Retype the listing that follows, exactly as written.

***

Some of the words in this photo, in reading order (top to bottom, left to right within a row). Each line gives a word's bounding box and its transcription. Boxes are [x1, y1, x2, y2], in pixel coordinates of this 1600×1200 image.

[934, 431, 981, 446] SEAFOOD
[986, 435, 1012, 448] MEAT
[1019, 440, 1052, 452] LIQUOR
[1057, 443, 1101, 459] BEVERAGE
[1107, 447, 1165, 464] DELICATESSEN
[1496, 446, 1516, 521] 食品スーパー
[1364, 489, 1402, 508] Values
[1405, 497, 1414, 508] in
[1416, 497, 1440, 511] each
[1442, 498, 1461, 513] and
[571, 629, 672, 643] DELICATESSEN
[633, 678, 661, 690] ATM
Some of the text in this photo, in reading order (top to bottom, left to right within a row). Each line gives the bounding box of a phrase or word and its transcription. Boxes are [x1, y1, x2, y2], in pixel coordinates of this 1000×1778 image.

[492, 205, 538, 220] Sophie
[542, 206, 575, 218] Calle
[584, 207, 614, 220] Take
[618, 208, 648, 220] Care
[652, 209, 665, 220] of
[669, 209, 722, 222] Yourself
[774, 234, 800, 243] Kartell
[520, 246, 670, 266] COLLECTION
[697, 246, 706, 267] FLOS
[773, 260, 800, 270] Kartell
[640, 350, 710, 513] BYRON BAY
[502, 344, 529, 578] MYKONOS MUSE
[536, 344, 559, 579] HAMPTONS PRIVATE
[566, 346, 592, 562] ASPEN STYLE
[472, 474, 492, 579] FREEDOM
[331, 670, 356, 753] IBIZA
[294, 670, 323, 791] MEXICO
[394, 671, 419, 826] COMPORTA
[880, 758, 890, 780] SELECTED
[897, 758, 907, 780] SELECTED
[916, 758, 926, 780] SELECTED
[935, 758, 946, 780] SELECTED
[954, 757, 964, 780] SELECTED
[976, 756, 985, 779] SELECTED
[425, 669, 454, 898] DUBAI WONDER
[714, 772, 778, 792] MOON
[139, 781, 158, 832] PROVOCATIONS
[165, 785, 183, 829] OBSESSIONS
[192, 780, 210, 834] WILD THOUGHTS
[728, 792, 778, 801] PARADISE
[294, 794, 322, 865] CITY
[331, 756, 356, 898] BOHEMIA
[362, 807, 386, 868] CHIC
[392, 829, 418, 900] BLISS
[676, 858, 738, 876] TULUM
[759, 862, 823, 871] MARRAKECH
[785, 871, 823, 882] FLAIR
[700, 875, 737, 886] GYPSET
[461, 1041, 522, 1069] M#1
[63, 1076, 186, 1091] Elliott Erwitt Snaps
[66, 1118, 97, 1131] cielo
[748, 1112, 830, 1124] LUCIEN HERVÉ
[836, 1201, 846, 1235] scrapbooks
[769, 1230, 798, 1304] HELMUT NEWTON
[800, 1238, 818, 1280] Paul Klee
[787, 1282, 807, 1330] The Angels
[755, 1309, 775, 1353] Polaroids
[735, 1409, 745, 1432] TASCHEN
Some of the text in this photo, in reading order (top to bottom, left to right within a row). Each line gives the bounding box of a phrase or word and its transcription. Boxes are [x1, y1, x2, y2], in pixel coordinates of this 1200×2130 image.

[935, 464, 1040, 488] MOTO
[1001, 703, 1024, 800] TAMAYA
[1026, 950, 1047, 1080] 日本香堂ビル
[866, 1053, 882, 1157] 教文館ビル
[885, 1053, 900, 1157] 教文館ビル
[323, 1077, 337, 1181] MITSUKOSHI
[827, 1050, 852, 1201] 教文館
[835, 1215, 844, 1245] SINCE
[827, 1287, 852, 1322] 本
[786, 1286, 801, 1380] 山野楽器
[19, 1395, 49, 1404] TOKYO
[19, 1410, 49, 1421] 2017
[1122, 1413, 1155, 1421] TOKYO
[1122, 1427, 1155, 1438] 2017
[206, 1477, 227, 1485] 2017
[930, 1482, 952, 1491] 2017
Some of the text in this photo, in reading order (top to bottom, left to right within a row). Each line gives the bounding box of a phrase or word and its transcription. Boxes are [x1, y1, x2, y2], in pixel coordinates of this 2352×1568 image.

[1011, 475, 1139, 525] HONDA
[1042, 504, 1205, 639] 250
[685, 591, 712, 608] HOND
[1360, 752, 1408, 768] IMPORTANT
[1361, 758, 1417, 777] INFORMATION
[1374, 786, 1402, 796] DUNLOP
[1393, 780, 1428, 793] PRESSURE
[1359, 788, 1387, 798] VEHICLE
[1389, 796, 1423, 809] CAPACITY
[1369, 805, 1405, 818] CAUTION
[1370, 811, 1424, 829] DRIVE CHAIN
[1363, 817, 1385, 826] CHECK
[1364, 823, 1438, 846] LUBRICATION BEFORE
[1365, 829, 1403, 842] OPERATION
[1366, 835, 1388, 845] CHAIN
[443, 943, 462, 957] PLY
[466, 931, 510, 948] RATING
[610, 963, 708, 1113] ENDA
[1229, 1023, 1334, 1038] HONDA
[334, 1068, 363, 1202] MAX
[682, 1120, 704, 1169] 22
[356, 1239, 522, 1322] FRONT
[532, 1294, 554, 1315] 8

***

_TASK ANSWER_:
Some of the words in this photo, in reading order (top to bottom, left to right within a row). Each line gives a word's bounding box and its transcription. Boxes are [x1, y1, x2, y2], in pixel coordinates of this 1600×1200 image.

[934, 431, 981, 446] SEAFOOD
[986, 435, 1012, 448] MEAT
[1019, 440, 1052, 452] LIQUOR
[1057, 443, 1101, 459] BEVERAGE
[1107, 447, 1165, 464] DELICATESSEN
[1496, 446, 1516, 521] 食品スーパー
[1364, 489, 1402, 508] Values
[1405, 497, 1414, 508] in
[1416, 497, 1440, 511] each
[1442, 498, 1461, 513] and
[571, 629, 672, 643] DELICATESSEN
[633, 678, 661, 690] ATM
Some of the text in this photo, in reading order (top to bottom, left to right within a row). Each line gives the bounding box of a phrase or word and its transcription. Boxes are [x1, y1, x2, y2], in pixel coordinates of this 1000×1778 image.

[492, 205, 538, 220] Sophie
[542, 206, 575, 218] Calle
[584, 207, 614, 220] Take
[618, 208, 648, 220] Care
[652, 209, 665, 220] of
[669, 209, 722, 222] Yourself
[774, 234, 800, 243] Kartell
[520, 246, 670, 266] COLLECTION
[697, 246, 706, 267] FLOS
[773, 260, 800, 270] Kartell
[640, 350, 710, 513] BYRON BAY
[502, 344, 529, 578] MYKONOS MUSE
[536, 344, 559, 579] HAMPTONS PRIVATE
[566, 346, 592, 562] ASPEN STYLE
[472, 474, 492, 579] FREEDOM
[331, 670, 356, 753] IBIZA
[294, 670, 323, 791] MEXICO
[394, 671, 419, 826] COMPORTA
[880, 758, 890, 780] SELECTED
[897, 758, 907, 780] SELECTED
[916, 758, 926, 780] SELECTED
[935, 758, 946, 780] SELECTED
[954, 757, 964, 780] SELECTED
[976, 756, 985, 779] SELECTED
[425, 669, 454, 898] DUBAI WONDER
[714, 772, 778, 792] MOON
[139, 781, 158, 832] PROVOCATIONS
[165, 785, 183, 829] OBSESSIONS
[192, 780, 210, 834] WILD THOUGHTS
[728, 792, 778, 801] PARADISE
[294, 794, 322, 865] CITY
[331, 756, 356, 898] BOHEMIA
[362, 807, 386, 868] CHIC
[392, 829, 418, 900] BLISS
[676, 858, 738, 876] TULUM
[759, 862, 823, 871] MARRAKECH
[785, 871, 823, 882] FLAIR
[700, 875, 737, 886] GYPSET
[461, 1041, 522, 1069] M#1
[63, 1076, 186, 1091] Elliott Erwitt Snaps
[66, 1118, 97, 1131] cielo
[748, 1112, 830, 1124] LUCIEN HERVÉ
[836, 1201, 846, 1235] scrapbooks
[769, 1230, 798, 1304] HELMUT NEWTON
[800, 1238, 818, 1280] Paul Klee
[787, 1282, 807, 1330] The Angels
[755, 1309, 775, 1353] Polaroids
[735, 1409, 745, 1432] TASCHEN
Some of the text in this photo, in reading order (top to bottom, left to right within a row). Each line gives the bounding box of a phrase or word and its transcription. Boxes are [x1, y1, x2, y2], in pixel coordinates of this 1200×2130 image.

[935, 464, 1040, 488] MOTO
[1001, 703, 1024, 800] TAMAYA
[1026, 950, 1047, 1080] 日本香堂ビル
[866, 1053, 882, 1157] 教文館ビル
[885, 1053, 900, 1157] 教文館ビル
[323, 1077, 337, 1181] MITSUKOSHI
[827, 1050, 852, 1201] 教文館
[835, 1215, 844, 1245] SINCE
[827, 1287, 852, 1322] 本
[786, 1286, 801, 1380] 山野楽器
[19, 1395, 49, 1404] TOKYO
[19, 1410, 49, 1421] 2017
[1122, 1413, 1155, 1421] TOKYO
[1122, 1427, 1155, 1438] 2017
[206, 1477, 227, 1485] 2017
[930, 1482, 952, 1491] 2017
Some of the text in this photo, in reading order (top to bottom, left to right within a row). Each line gives the bounding box of a phrase or word and its transcription. Boxes are [x1, y1, x2, y2], in pixel coordinates of this 2352×1568 image.

[1011, 475, 1139, 525] HONDA
[1042, 504, 1205, 639] 250
[685, 591, 712, 608] HOND
[1360, 752, 1408, 768] IMPORTANT
[1361, 758, 1417, 777] INFORMATION
[1374, 786, 1402, 796] DUNLOP
[1393, 780, 1428, 793] PRESSURE
[1359, 788, 1387, 798] VEHICLE
[1389, 796, 1423, 809] CAPACITY
[1369, 805, 1405, 818] CAUTION
[1370, 811, 1424, 829] DRIVE CHAIN
[1363, 817, 1385, 826] CHECK
[1364, 823, 1438, 846] LUBRICATION BEFORE
[1365, 829, 1403, 842] OPERATION
[1366, 835, 1388, 845] CHAIN
[443, 943, 462, 957] PLY
[466, 931, 510, 948] RATING
[610, 963, 708, 1113] ENDA
[1229, 1023, 1334, 1038] HONDA
[334, 1068, 363, 1202] MAX
[682, 1120, 704, 1169] 22
[356, 1239, 522, 1322] FRONT
[532, 1294, 554, 1315] 8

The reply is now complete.